Collected data
══════
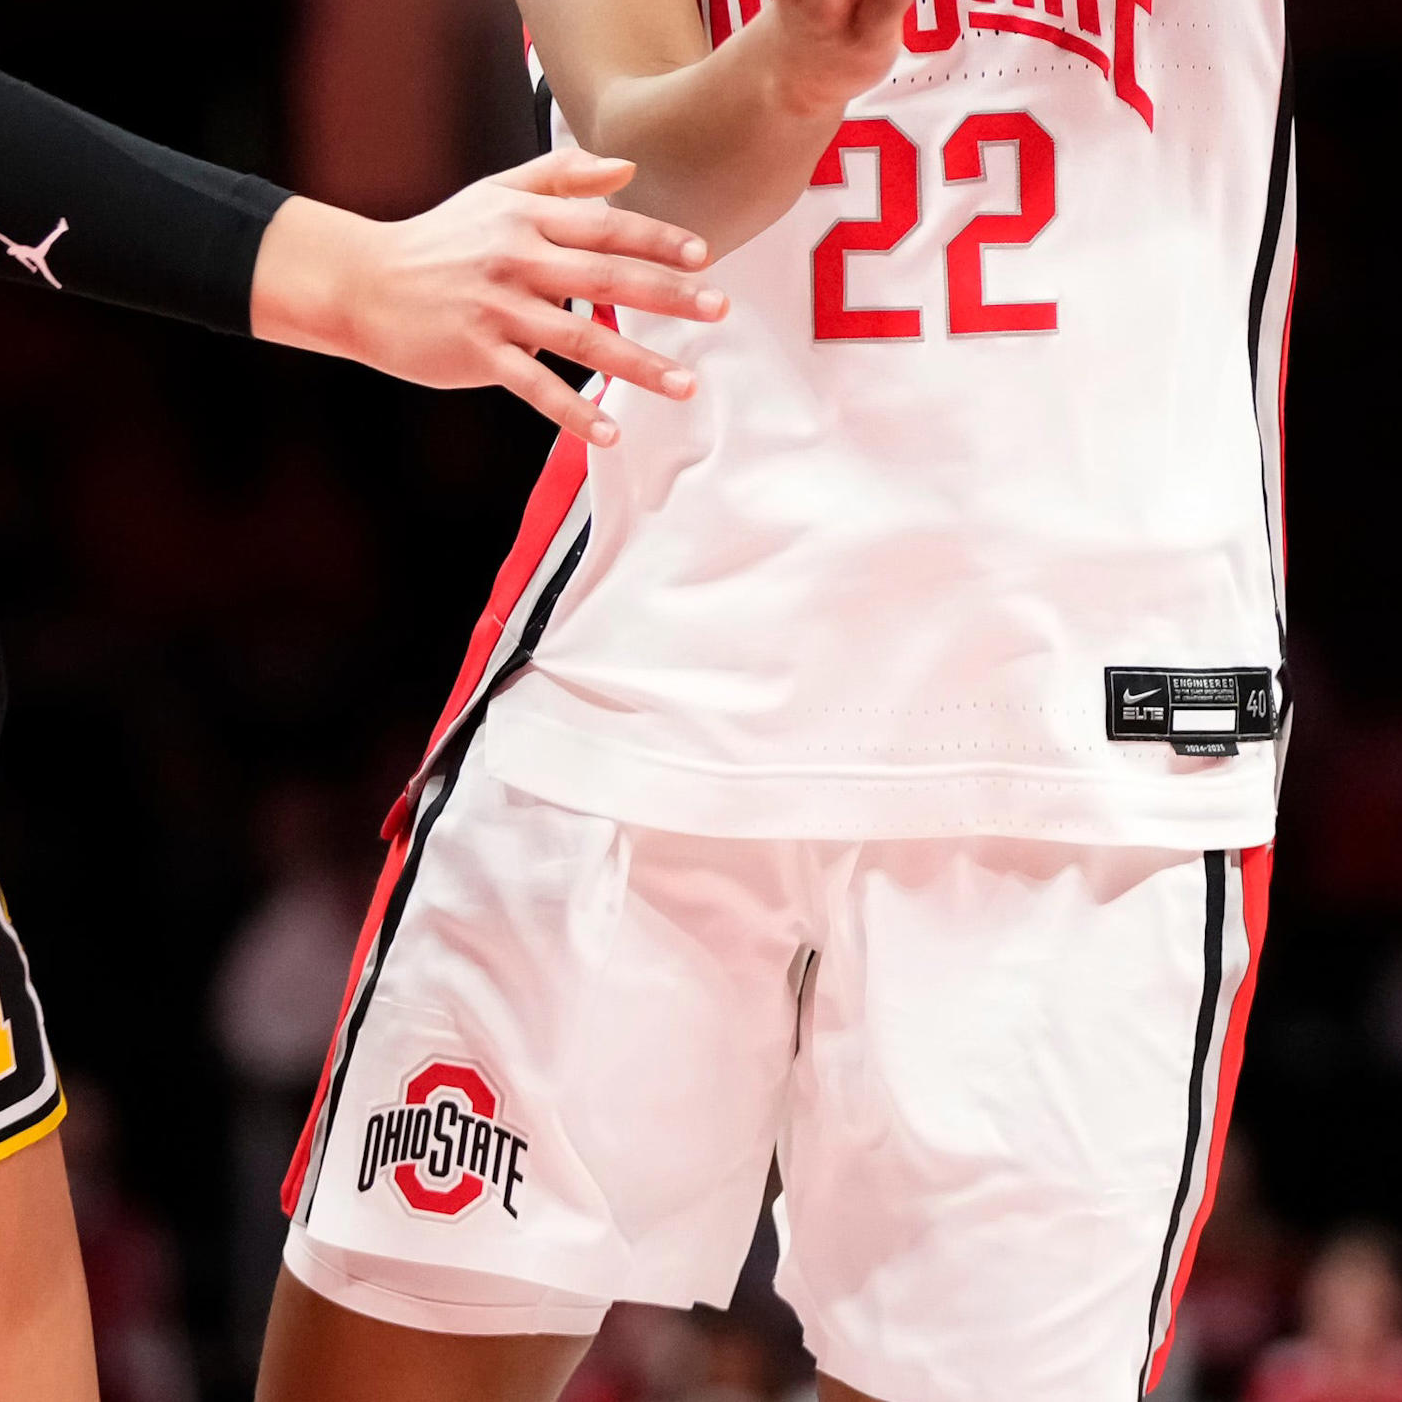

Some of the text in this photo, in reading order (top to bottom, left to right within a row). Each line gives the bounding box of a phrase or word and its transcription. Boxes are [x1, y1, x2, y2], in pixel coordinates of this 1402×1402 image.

[806, 109, 1060, 343] 22
[1173, 678, 1234, 688] ENGINEERED
[1246, 689, 1267, 718] 40
[1122, 706, 1165, 720] ELITE
[1185, 743, 1226, 753] 2024-2025
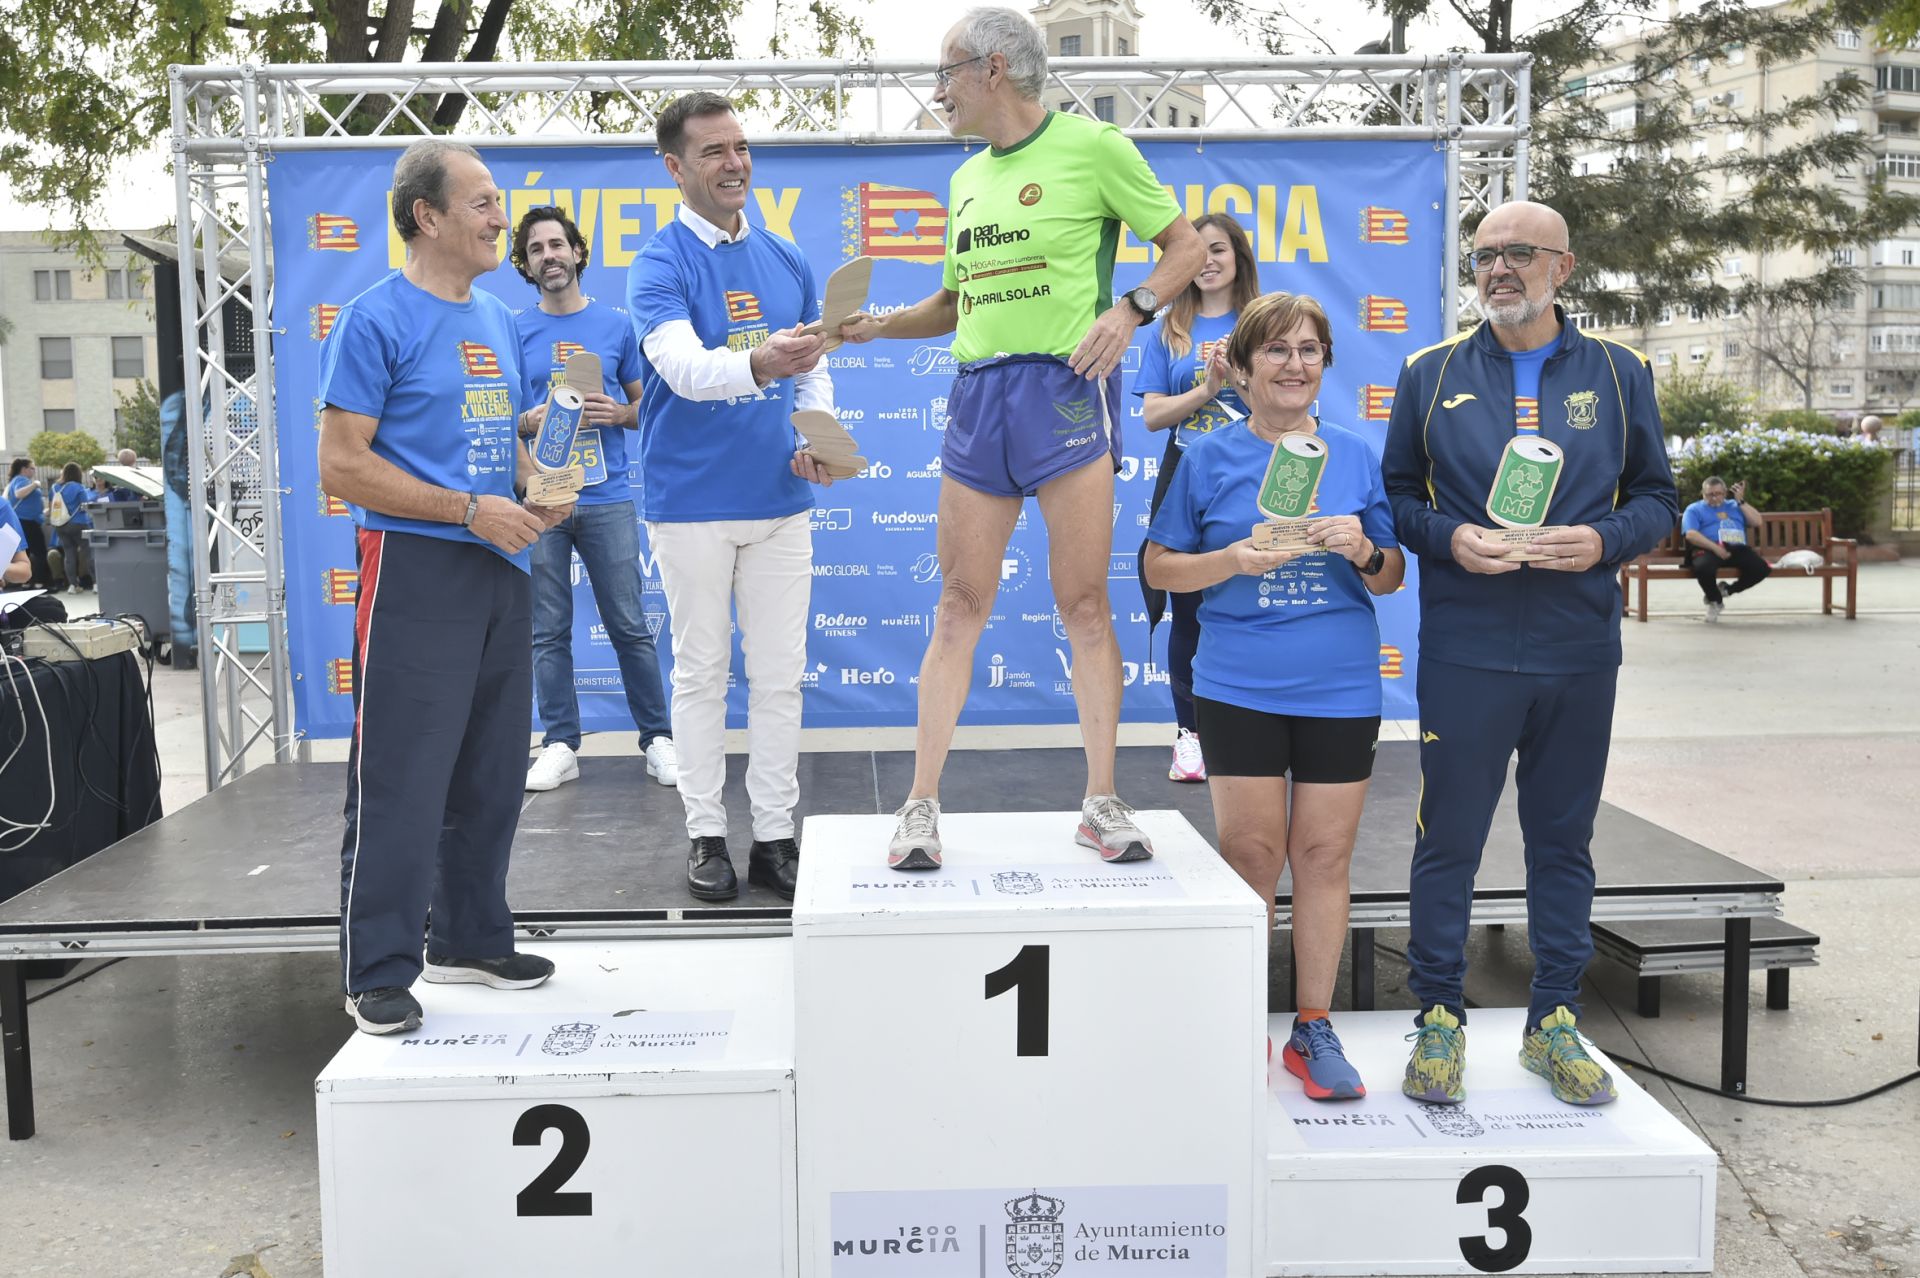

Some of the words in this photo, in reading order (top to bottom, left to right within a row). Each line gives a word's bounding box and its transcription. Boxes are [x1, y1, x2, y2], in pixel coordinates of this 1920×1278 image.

[974, 224, 999, 242] pan
[976, 229, 1030, 249] moreno
[970, 284, 1051, 307] CARRILSOLAR
[830, 357, 868, 369] GLOBAL
[460, 404, 469, 419] X
[834, 406, 864, 420] lero
[878, 412, 919, 420] MURCIA
[575, 439, 598, 447] ALENCIA
[1144, 458, 1158, 468] El
[852, 461, 892, 479] ero
[906, 471, 931, 479] AGUAS
[809, 508, 827, 517] re
[872, 511, 939, 525] fundown
[810, 521, 838, 531] ero
[834, 564, 871, 576] GLOBAL
[1113, 562, 1132, 570] LOLI
[814, 613, 868, 629] Bolero
[881, 618, 921, 626] MURCIA
[1022, 613, 1051, 622] Región
[1130, 612, 1148, 623] LA
[825, 629, 857, 637] FITNESS
[573, 676, 622, 686] LORISTERÍA
[840, 667, 895, 685] Hero
[1005, 671, 1031, 680] Jamón
[1008, 680, 1036, 688] Jamón
[852, 879, 957, 889] MURCIA
[1050, 874, 1175, 884] Ayuntamiento
[1079, 881, 1149, 889] Murcia
[984, 944, 1050, 1057] 1
[401, 1037, 506, 1046] MURCIA
[604, 1030, 729, 1041] Ayuntamiento
[600, 1039, 623, 1048] de
[628, 1039, 697, 1048] Murcia
[1293, 1117, 1396, 1127] MURCIA
[1484, 1110, 1604, 1123] Ayuntamiento
[1490, 1121, 1513, 1130] de
[1518, 1119, 1585, 1130] Murcia
[512, 1103, 592, 1217] 2
[1455, 1164, 1532, 1273] 3
[899, 1225, 958, 1237] 1200
[832, 1236, 961, 1257] MURCIA
[1073, 1221, 1226, 1242] Ayuntamiento
[1074, 1244, 1100, 1261] de
[1106, 1242, 1191, 1261] Murcia
══════
**Work order**
Your answer must be an exact copy of the records, with no pictures in it.

**Output below**
Some of the text in this photo, in reading order (top to bottom, left to right within a row). Each line gives the bounding box of a phrase or word and its transcription. Boxes are [x1, y1, x2, y2], in pixel coordinates of this 1402×1402 image.

[806, 109, 1060, 343] 22
[1173, 678, 1234, 688] ENGINEERED
[1246, 689, 1267, 718] 40
[1122, 706, 1165, 720] ELITE
[1185, 743, 1226, 753] 2024-2025

Some of the words in this photo, in reading order (top to bottom, left to right within a row). Each line gives a word's bounding box and its transcription. Boxes are [x1, y1, x2, y2], in pixel coordinates of this 1920×1278 image.

[974, 224, 999, 242] pan
[976, 229, 1030, 249] moreno
[970, 284, 1051, 307] CARRILSOLAR
[830, 357, 868, 369] GLOBAL
[460, 404, 469, 419] X
[834, 406, 864, 420] lero
[878, 412, 919, 420] MURCIA
[575, 439, 598, 447] ALENCIA
[1144, 458, 1158, 468] El
[852, 461, 892, 479] ero
[906, 471, 931, 479] AGUAS
[809, 508, 827, 517] re
[872, 511, 939, 525] fundown
[810, 521, 838, 531] ero
[834, 564, 871, 576] GLOBAL
[1113, 562, 1132, 570] LOLI
[814, 613, 868, 629] Bolero
[881, 618, 921, 626] MURCIA
[1022, 613, 1051, 622] Región
[1130, 612, 1148, 623] LA
[825, 629, 857, 637] FITNESS
[573, 676, 622, 686] LORISTERÍA
[840, 667, 895, 685] Hero
[1005, 671, 1031, 680] Jamón
[1008, 680, 1036, 688] Jamón
[852, 879, 957, 889] MURCIA
[1050, 874, 1175, 884] Ayuntamiento
[1079, 881, 1149, 889] Murcia
[984, 944, 1050, 1057] 1
[401, 1037, 506, 1046] MURCIA
[604, 1030, 729, 1041] Ayuntamiento
[600, 1039, 623, 1048] de
[628, 1039, 697, 1048] Murcia
[1293, 1117, 1396, 1127] MURCIA
[1484, 1110, 1604, 1123] Ayuntamiento
[1490, 1121, 1513, 1130] de
[1518, 1119, 1585, 1130] Murcia
[512, 1103, 592, 1217] 2
[1455, 1164, 1532, 1273] 3
[899, 1225, 958, 1237] 1200
[832, 1236, 961, 1257] MURCIA
[1073, 1221, 1226, 1242] Ayuntamiento
[1074, 1244, 1100, 1261] de
[1106, 1242, 1191, 1261] Murcia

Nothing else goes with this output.